В глазах мужчины появилась тень уважения, смешанная с легким страхом. Потом он посмотрел на рыбу.
— Хочешь, я помогу тебе наловить еще? Или подстрелю тебе белку?
Римьяна задумалась над его предложением. Белку она явно не хотела. Потом кивнула:
— Хорошо, помоги мне с рыбалкой.
Мужчина живо приготовил похожую палку, и пошел в реку. Их методы оказались сходными, но он охотился стоя прямо в потоке, и достаточно успешно. Было видно, что ему это не в новинку.
Они запекли рыбу в костре, у мужчины были с собой лепешки и запечатанная пробкой глиняная бутыль с медовым напитком, слегка хмельным. На родине Римьяны мужчины тоже пили такой, но как правило уже к вечеру, когда все дела были завершены. От напитка она отказалась, относительно любых веселящих и крепких напитков в Ордене были строгие правила. Уже отвыкнув от вкуса рыбы, Римьяна ела медленно, прислушиваясь к реакции организма, но отторжения не было.
Мужчина поглядывал на нее с интересом и все той же легкой опаской.
— Далеко отсюда ваше поселение? — спросила Римьяна, но сразу поняла, что беседу не следовало начинать с такого вопроса. Мужчина ответил неопределенно, как и следовало отвечать на подобный вопрос чужаку.
— Ты сказала, что твой родной язык — язык людей леса, но говоришь ты странно, как будто он чужой тебе. Отчего? — спросил он.

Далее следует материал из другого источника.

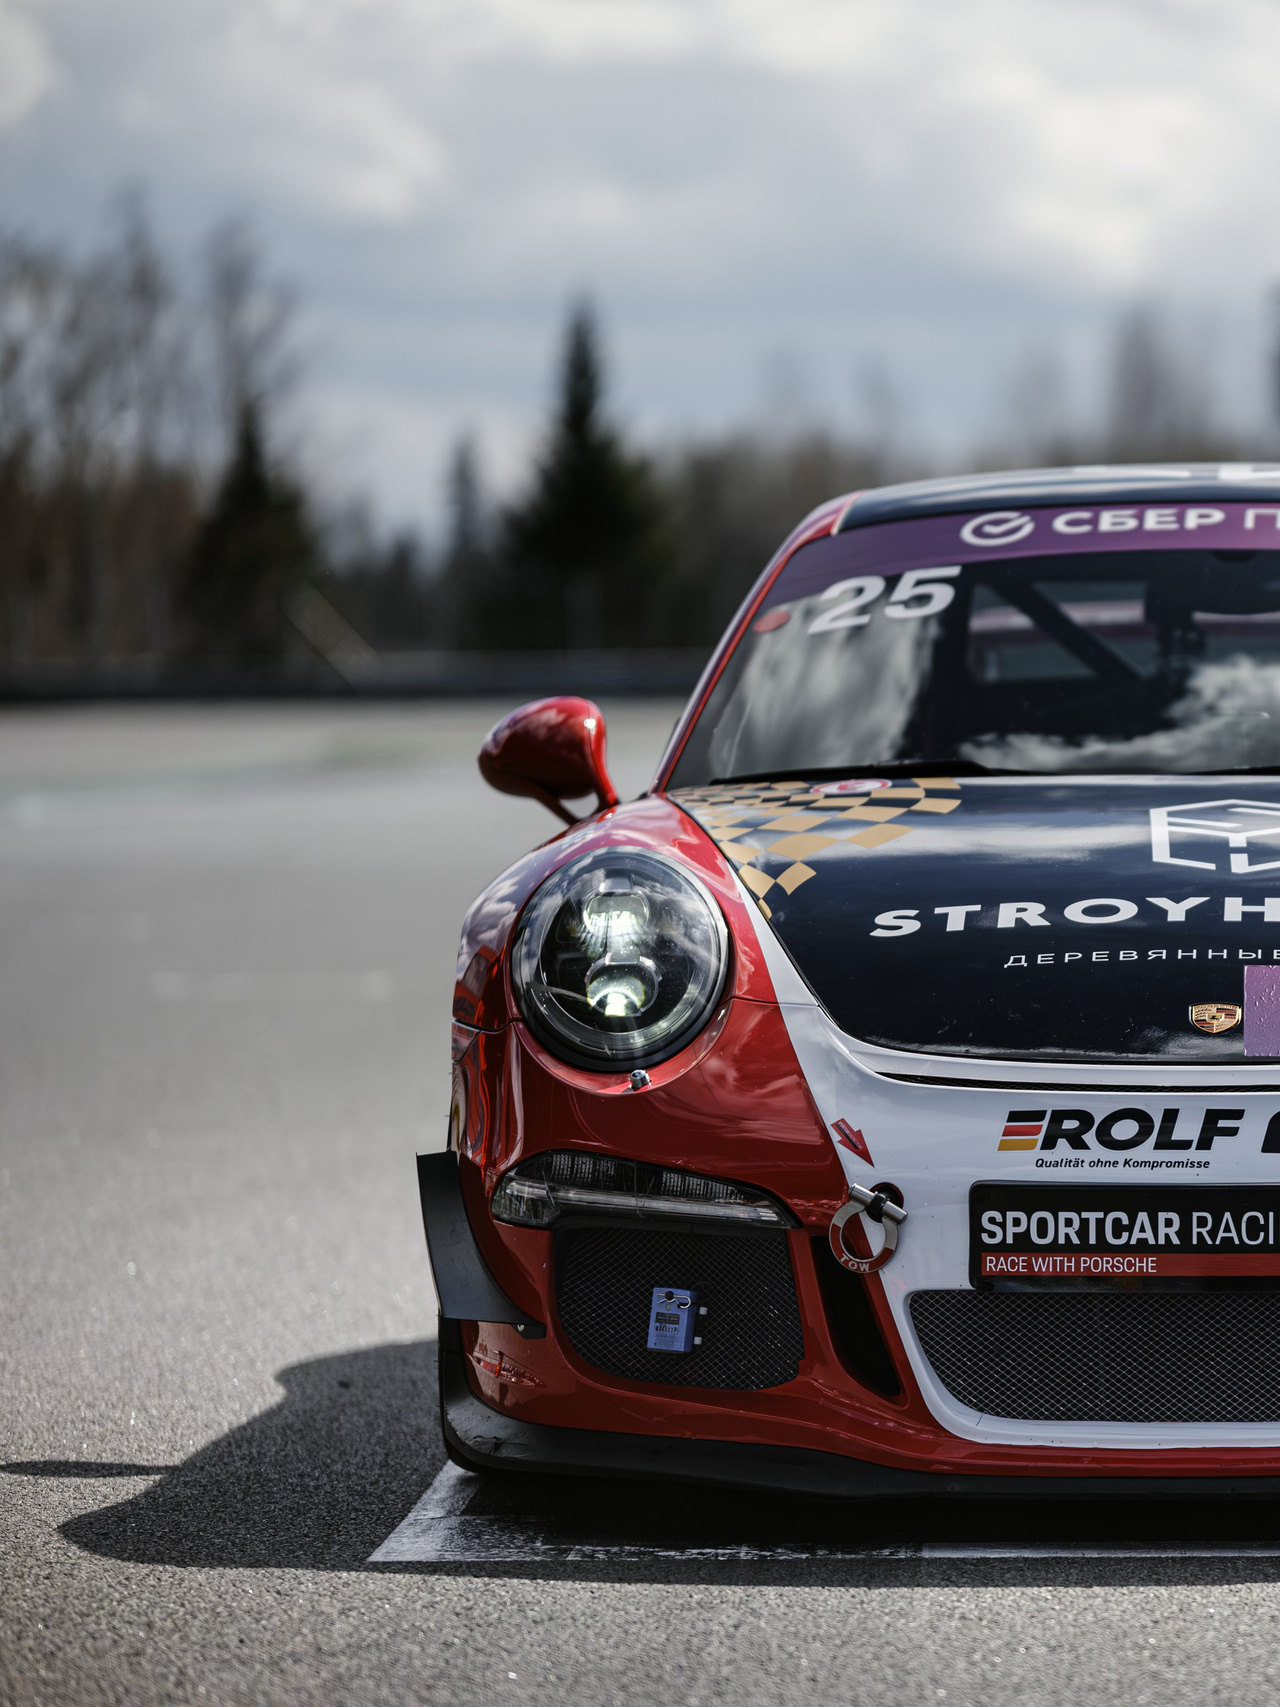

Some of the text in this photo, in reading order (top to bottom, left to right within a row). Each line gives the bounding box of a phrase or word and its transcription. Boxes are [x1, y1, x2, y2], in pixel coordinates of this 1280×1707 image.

[1051, 507, 1225, 535] СБЕР
[807, 566, 962, 635] 25
[1040, 1107, 1246, 1151] ROLF
[1035, 1158, 1211, 1170] Qualität ohne Kompromisse
[981, 1210, 1181, 1245] SPORTCAR
[840, 1253, 870, 1273] TOW
[986, 1256, 1157, 1273] RACE WITH PORSCHE

— Я долго жила среди чужих людей и не говорила на родном языке. А странным он звучит для тебя, потому как места, где я родилась, лежат далеко отсюда. И у нас есть различия в том, как мы говорим некоторые слова. Твой язык тоже звучит странно для меня.
— И одета ты странно — не как люди леса, но не как люди, живущие южнее, с которыми мы торгуем.
— Вы торгуете с ними? — заинтересовалась Римьяна.
— Да, — ответил мужчина, — время от времени. У них нет тех животных, что мы можем поймать, и мало ягод… А они дают нам это.
И он достал из-за пояса короткий металлический нож. Показал его Римьяне, не выпуская из рук, и снова убрал.
— Это стоит очень много шкур и ягод, — сказал гордо он.
Римьяна кивнула. До Восточных Лесов металл почти не доходил. Но у них были иные материалы. И Римьяне казалось, что можно жить и без него, но теперь она видела, какую ценность он имел для всего остального мира. Возможно, они действительно жили слишком далеко… — подумала она, — а может быть, они просто не были никому интересны? Поэтому до них не добрались… В Западных-то лесах, как она теперь видела, существовали как минимум торговые связи, даже с лесными племенами.
Видя задумчивость девушки, мужчина спросил:
— Тебе не понравился мой нож?
— Нет, просто там, откуда я сейчас пришла, ножи используют не только для охоты…
— Мы тоже, — удивленный ее заявлением сказал молодой мужчина, — ножом удобно срезать мясо, а для охоты мы используем стрелы, — и он кивнул на свой колчан, — ты, видно, и правда пришла очень издалека…
Они закончили с рыбой, и Римьяна, поблагодарив мужчину за помощь, сказала, что ей пора продолжать свой путь. Он вызвался сопровождать ее некоторое время, пока им будет по пути.
Мужчине незнакомка нравилась, и ему хотелось пройти с ней подольше, однако она была чужаком, к тому же травницей, а такие женщины обладали особыми знаниями, и потому жили всегда на окраине поселения.
Наконец, он решил, что одинокая странница безопасна, и предложил ей, если она хочет, посетить их селение. Римьяну слегка удивило подобное предложение, но она решила, что и в этом случае вреда не будет. К тому же ей хотелось взглянуть на то, как жили племена Западных Лесов. «А ведь тогда к ним мы и ехали… — подумала она, — с братом…»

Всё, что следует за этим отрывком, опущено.